Aim of the exercise: Task for the records below: please copy exactly, and only, the lines from the one containing "this 973×973 image." to the last line, both included, leaving out the pictures.

'''

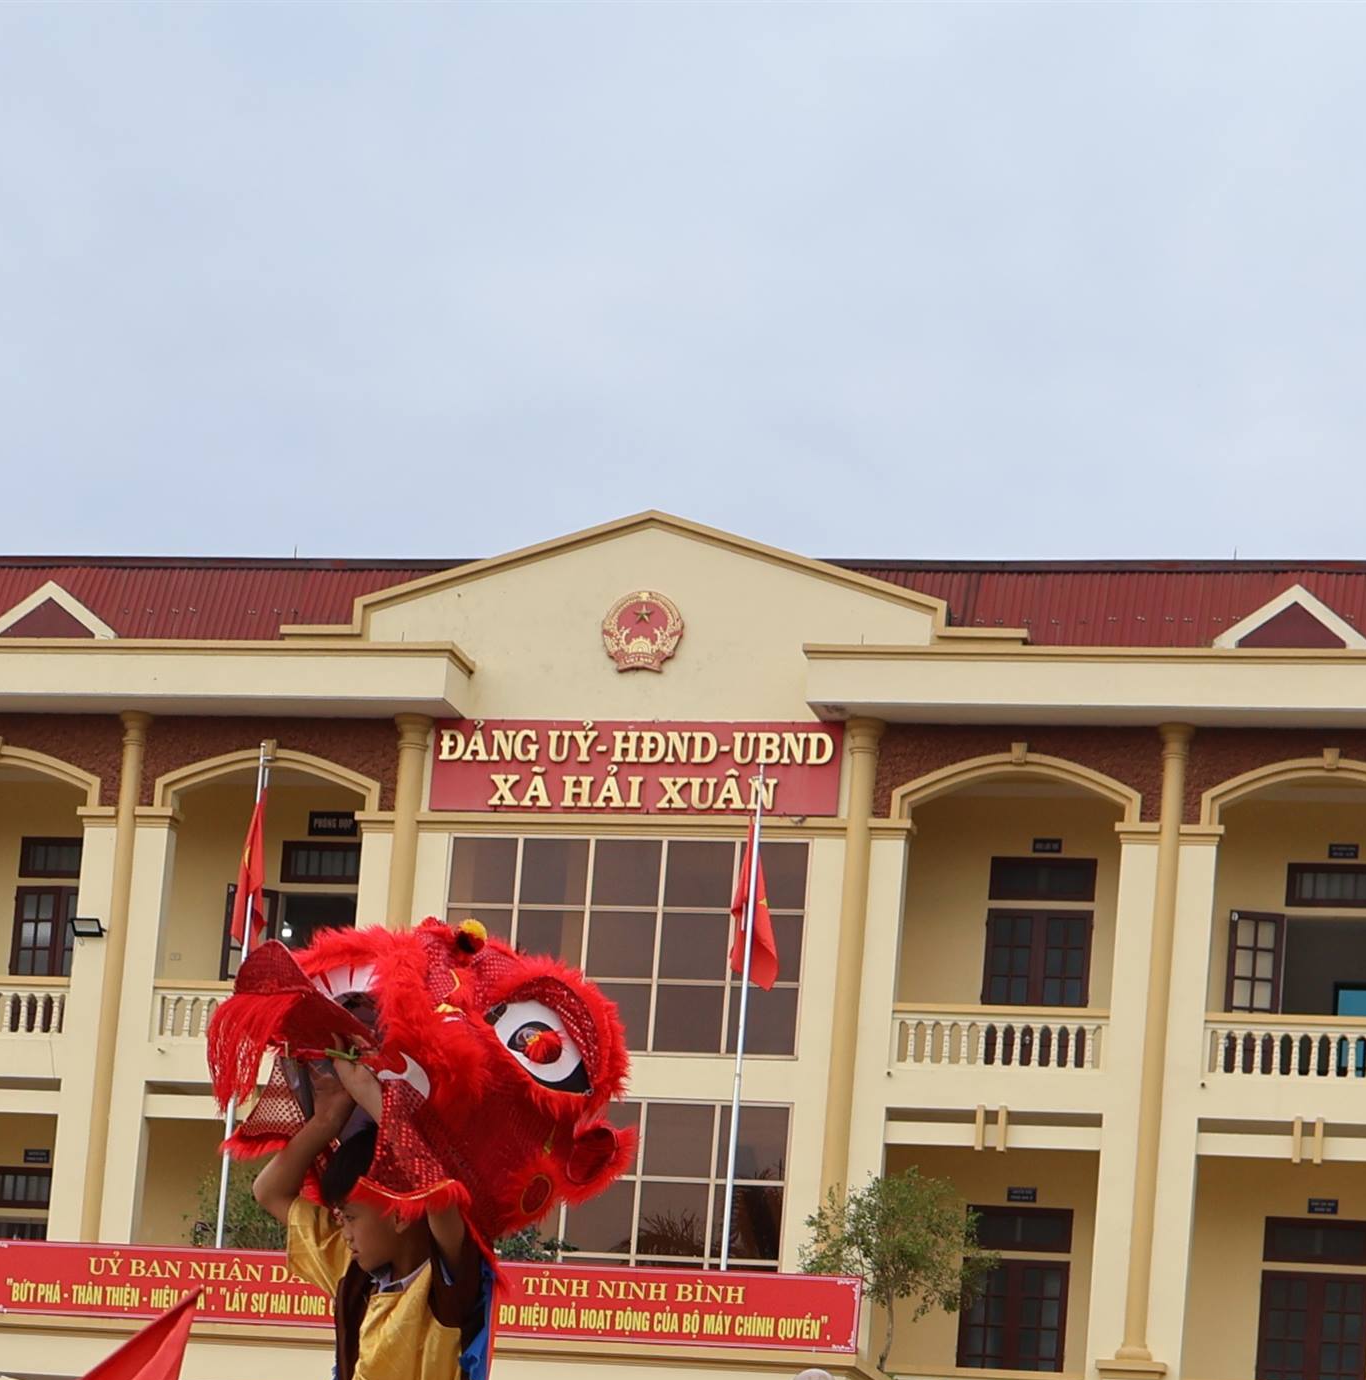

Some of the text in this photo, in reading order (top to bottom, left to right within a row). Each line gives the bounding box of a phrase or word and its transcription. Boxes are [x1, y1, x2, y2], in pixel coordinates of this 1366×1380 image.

[439, 720, 835, 766] ĐẢNG UỶ-HĐND-UBND
[487, 765, 778, 811] XÃ HẢI XUÂN
[89, 1251, 123, 1276] UỶ
[129, 1259, 182, 1278] BAN
[189, 1258, 264, 1282] NHÂN
[37, 1280, 61, 1304] PHÁ
[72, 1281, 103, 1305] THÂN
[106, 1283, 140, 1311] THIỆN
[150, 1284, 178, 1312] HIỆU
[251, 1290, 269, 1317] SỰ
[270, 1291, 291, 1314] HÀI
[293, 1289, 326, 1316] LÒNG
[522, 1270, 745, 1305] TỈNH NINH BÌNH
[498, 1304, 517, 1326] ĐO
[519, 1302, 549, 1331] HIỆU
[551, 1301, 577, 1329] QUẢ
[579, 1308, 613, 1334] HOẠT
[615, 1306, 651, 1335] ĐỘNG
[653, 1305, 679, 1333] CỦA
[681, 1309, 700, 1338] BỘ
[703, 1310, 732, 1335] MÁY
[735, 1312, 775, 1338] CHÍNH
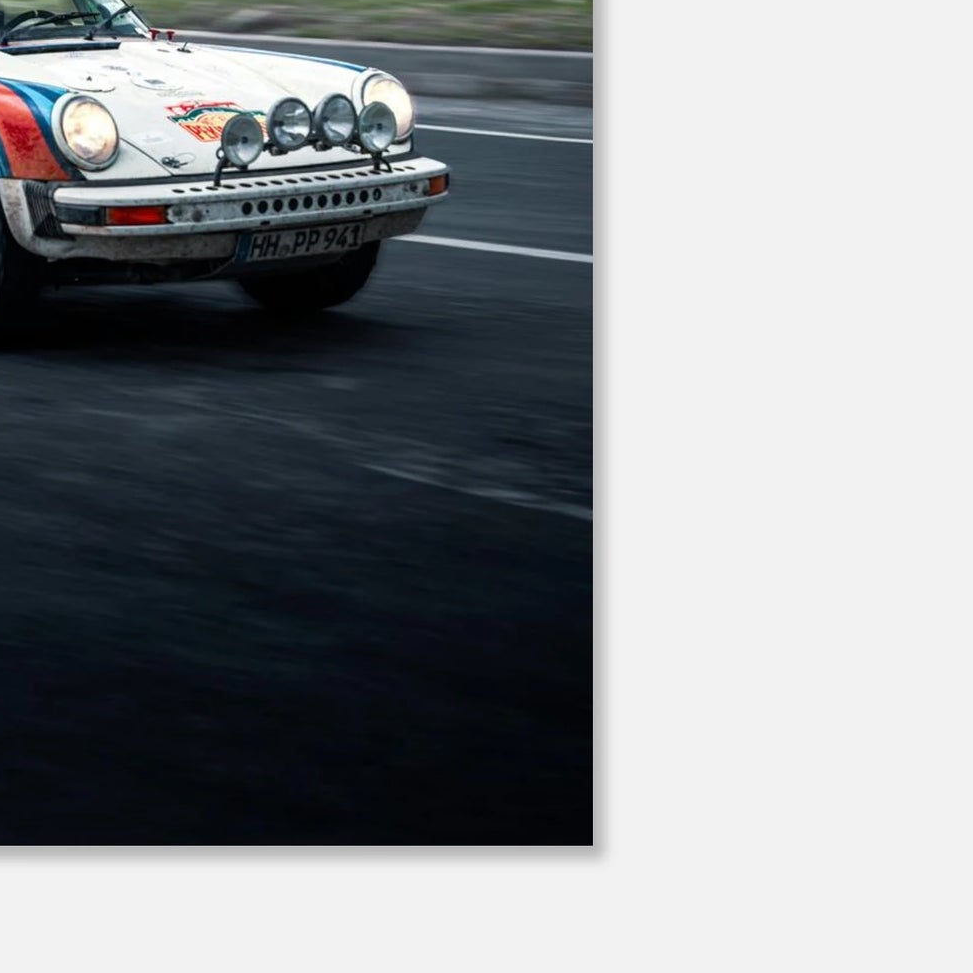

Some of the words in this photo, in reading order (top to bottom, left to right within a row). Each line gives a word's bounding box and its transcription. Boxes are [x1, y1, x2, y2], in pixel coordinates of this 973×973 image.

[250, 233, 280, 259] HH
[292, 230, 321, 253] PP
[324, 225, 360, 249] 941
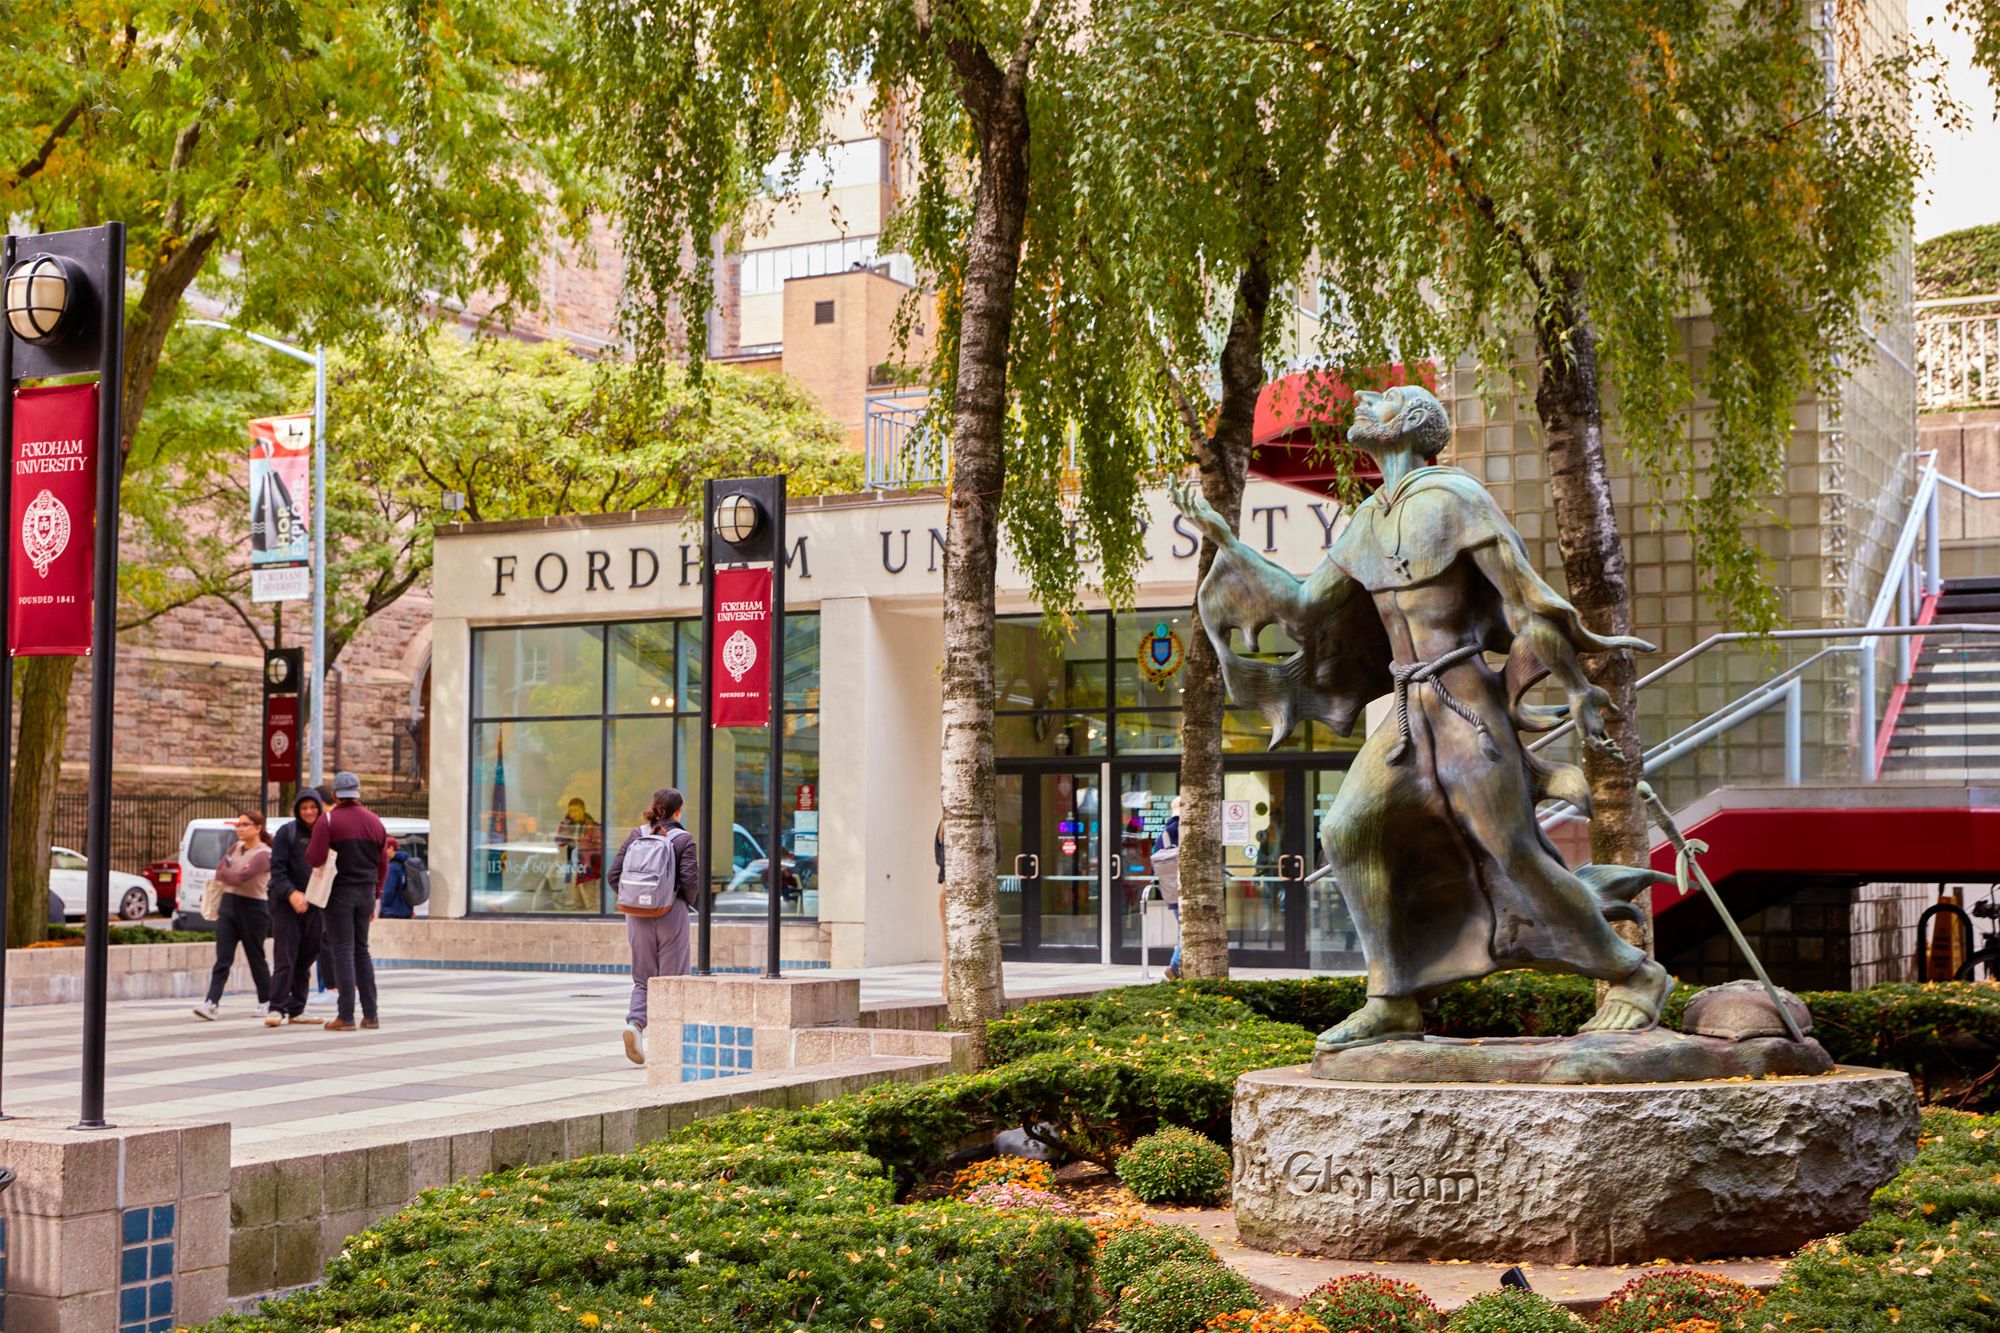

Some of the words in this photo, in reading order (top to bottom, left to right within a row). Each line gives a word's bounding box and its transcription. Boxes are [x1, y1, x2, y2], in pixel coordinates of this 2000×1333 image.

'''

Your response:
Some of the words in this photo, in reading order (top to bottom, left to right within a row). Each line gives a word's bounding box and its transcription. Boxes are [x1, y1, x2, y2], in pixel coordinates of this 973×973 image.

[250, 233, 280, 259] HH
[292, 230, 321, 253] PP
[324, 225, 360, 249] 941

Some of the words in this photo, in reading order (top to bottom, left to right within a row). Each line gives a word's bounding box and its transcription. Boxes are [x1, y1, x2, y2], in pixel coordinates of this 2000×1333 image.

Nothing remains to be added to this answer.